Speaking of legalization, do you have a particular leaning toward recreational or medicinal use?
It's all about helping people, man. You can't trivialize that. The cancer patient needs to have access, and so does the 21-year old who wants to have fun with his friends. We have receptors in our brains that are specifically, genetically designed to connect with this plant. I'm not the most sophisticated person, but no one can question my passion; when you sit with a roomful of strangers and smoke a joint, suddenly you're connected in a way you weren't before. And that can be spiritual, it can be an evolution of consciousness, musicians tapping into an energy….In hip hop, cannabis is the missing element, it's the elephant in the room, and I want to talk about it. We hosted a Grammy afterparty with about 200 people, and we had tins of pre-rolls next to the bar, and there was a vibe; everyone was having a good time, and we were able to develop relationships with these people. Quincy Jones pulled out a vape — it was my strain, Sunset Sherbert — and I'm a fan, and he was a great guy, and my head exploded a little.

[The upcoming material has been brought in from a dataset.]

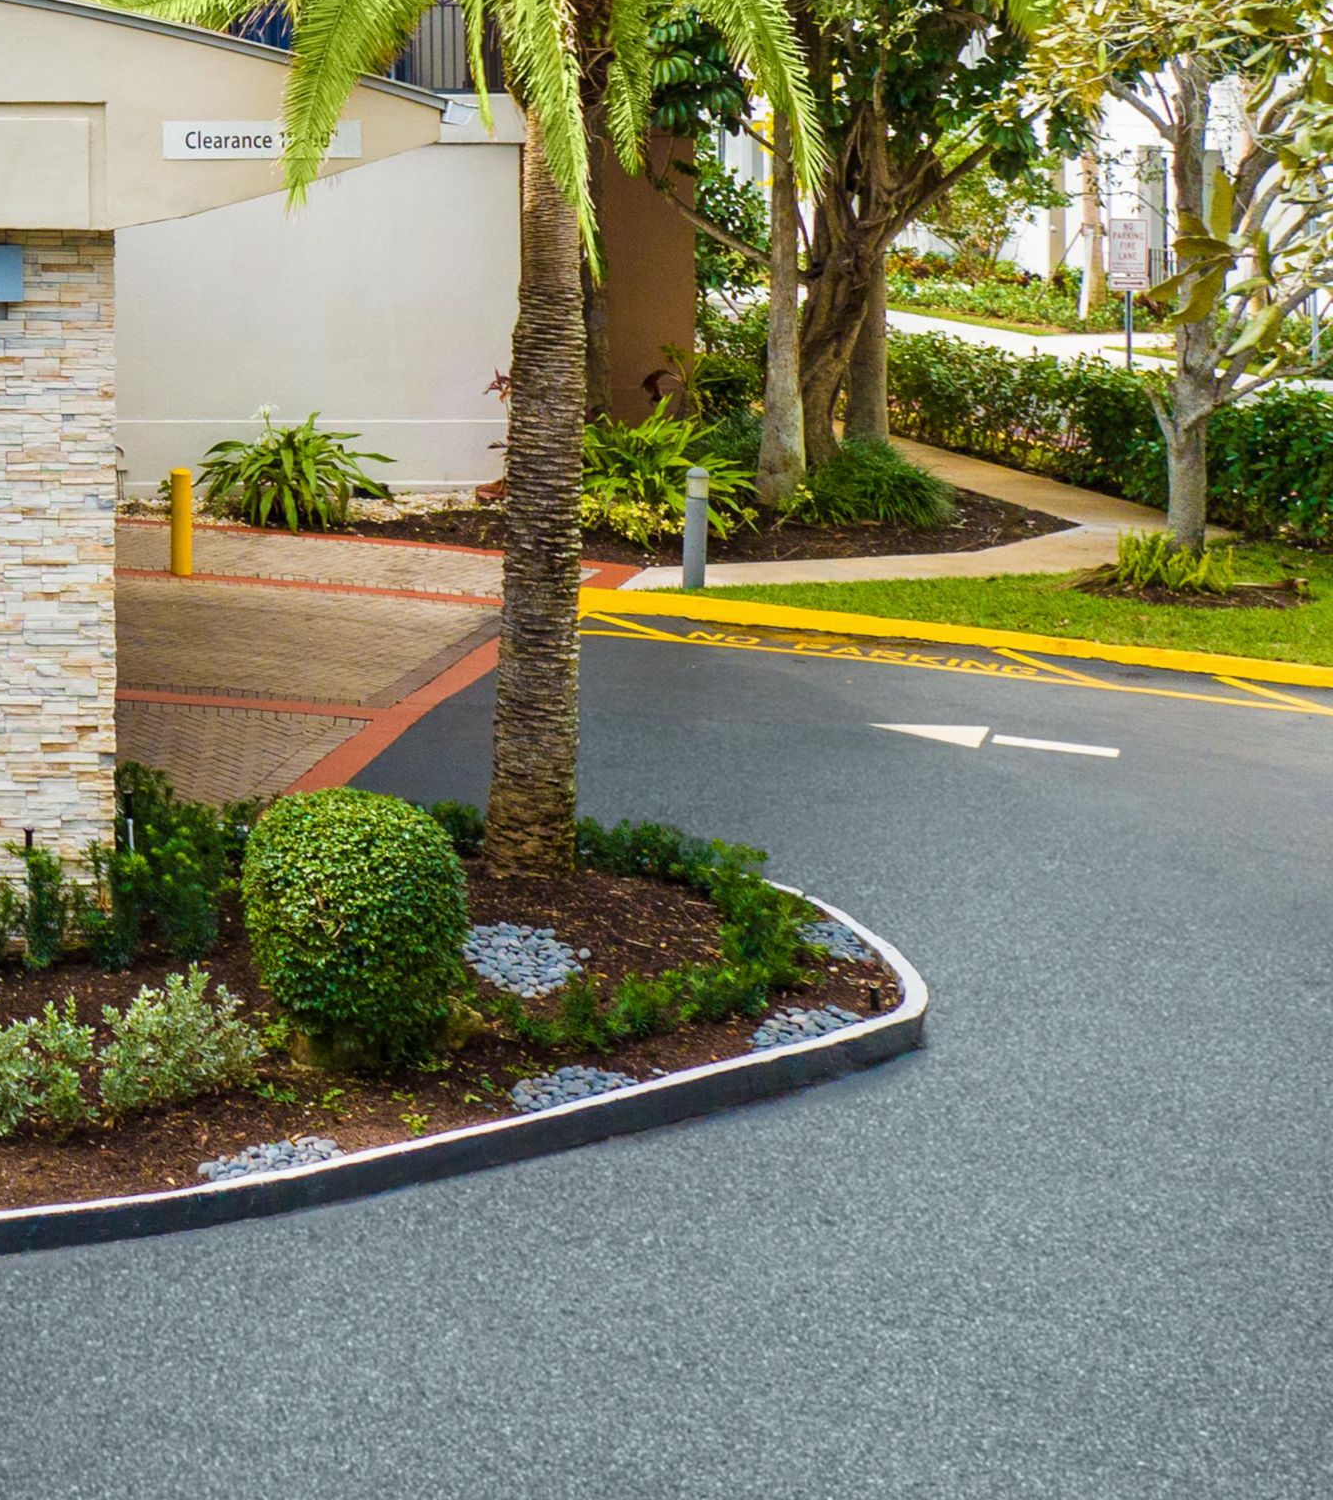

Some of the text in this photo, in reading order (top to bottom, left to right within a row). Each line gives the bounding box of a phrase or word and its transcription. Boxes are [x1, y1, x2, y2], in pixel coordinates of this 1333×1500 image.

[185, 130, 273, 150] Clearance
[687, 631, 1038, 675] NO PARKING

When you look at your success, how much of it has to do with the plants, the people, the packaging?
The proof's in the pudding. You can fool a stoner once into buying your product, but you can't fool him twice. Just keep putting out a good product and stand behind it. We gave money-back guarantees, and I actually met a couple of people I'm still friends with by going and making things right with people, making them happy. I still don't want one single person to be unhappy, I want to make things right even if I have to go take care of it in person.
Inevitably, we'll see large corporations get into the business. Does that bother you, the gentrification of cannabis?

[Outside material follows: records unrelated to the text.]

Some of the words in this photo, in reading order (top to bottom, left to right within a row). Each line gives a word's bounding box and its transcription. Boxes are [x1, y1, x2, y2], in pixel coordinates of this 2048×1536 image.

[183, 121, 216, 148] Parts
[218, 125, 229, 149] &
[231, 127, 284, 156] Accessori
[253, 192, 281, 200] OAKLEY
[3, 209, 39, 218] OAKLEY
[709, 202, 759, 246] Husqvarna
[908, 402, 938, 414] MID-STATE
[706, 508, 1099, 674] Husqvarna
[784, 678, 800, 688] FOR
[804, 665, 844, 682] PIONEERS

About four years ago, when I decided I wanted to bring investors in and support legalization, I knew that in any business, other more structured companies are gonna come in. And rather than think of it as a bad thing, I just figured if they didn't have the proper experience to grow, it gave us an advantage. Because with us, it's our culture.
Did you ever envision your products finding their way into Barneys in Beverly Hills?

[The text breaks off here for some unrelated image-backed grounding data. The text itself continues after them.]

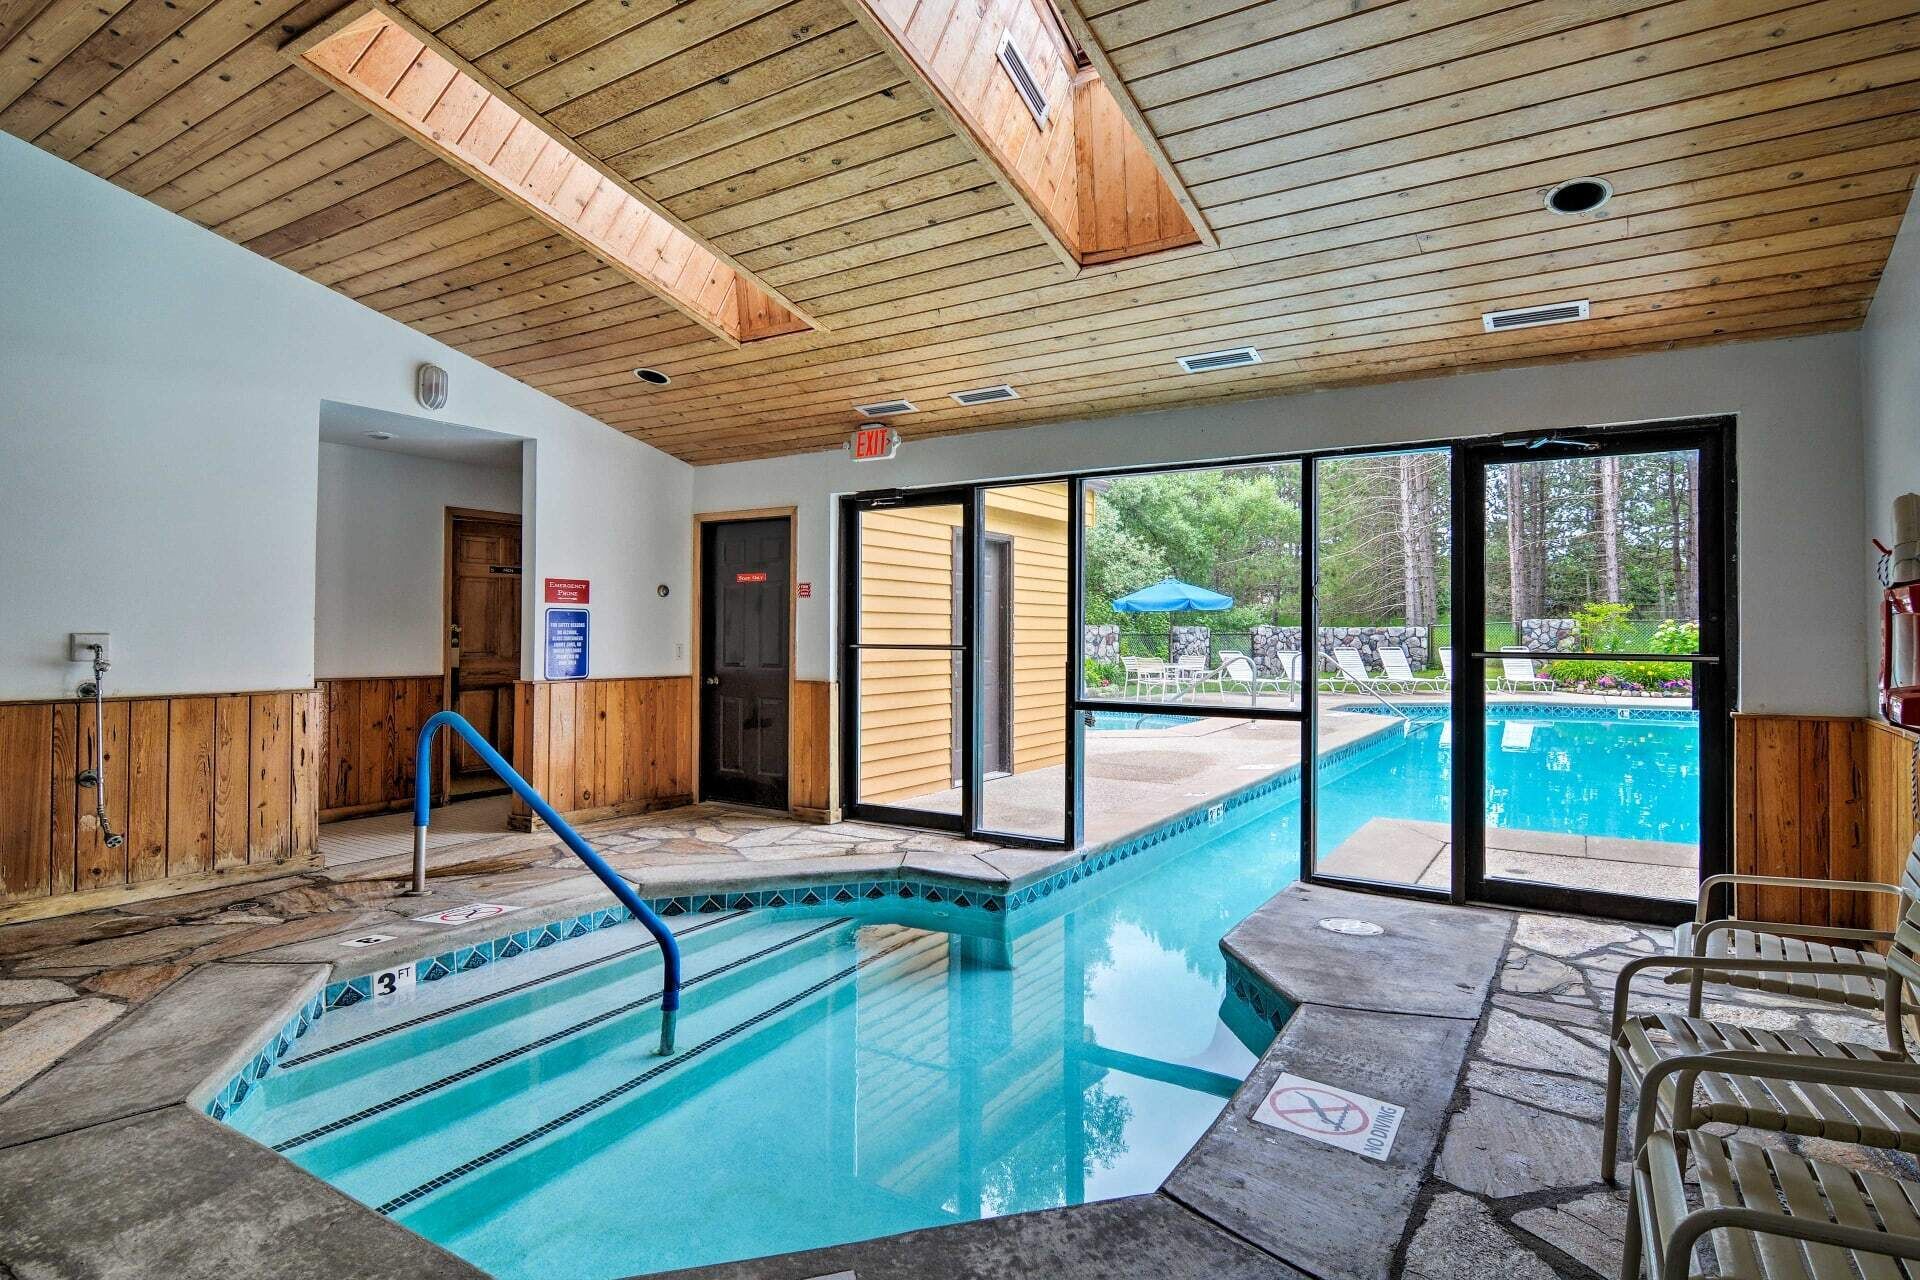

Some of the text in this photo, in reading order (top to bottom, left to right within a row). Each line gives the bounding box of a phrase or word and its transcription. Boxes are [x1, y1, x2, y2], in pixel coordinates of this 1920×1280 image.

[856, 429, 887, 458] EXIT
[549, 581, 587, 589] EMERGENCY
[557, 589, 578, 597] PHONE
[377, 966, 411, 996] 3 FT
[1364, 1105, 1397, 1155] NO DIVING

Yeah, for sure. When I started hanging around with people in the hip hop community, I was just a farmer in jeans, but I would notice that these artists and athletes were wearing expensive shoes, it was their business suit, and I understood that I had to present myself a certain way in that world. You could be cut from different cloths, but the clothing you wear connects you. With Barneys, it's about perception, it's about branding, and so if I want to be a forward thinker in this industry, if I want to go from a cannabis brand to a lifestyle brand, how can I do that, too? Tiffany's has its blue. With (Sherbinskis) orange, it's the most powerful spiritual color in India, it's the most prominent color at temples, and it ended up playing more of a branding role than we thought. When you can say to someone, "We're in Barneys," it means something. Now , when people think of cannabis, they don't associate it with crime. No one got the term "designer cannabis," but they're getting it now.
What would you tell other cannabis entrepreneurs looking to make that leap toward becoming a lifestyle brand?
If you keep things true and real and honest, you never have to recreate your brand. You never have to find "what's next." Being authentic attracts people to you and to what you're doing. Tell your story: You care about the planet, or the science, or people, or whatever your connection is to the industry. Follow that passion and that drive, and when someone tells you that can't do something, you know you're probably on the right track.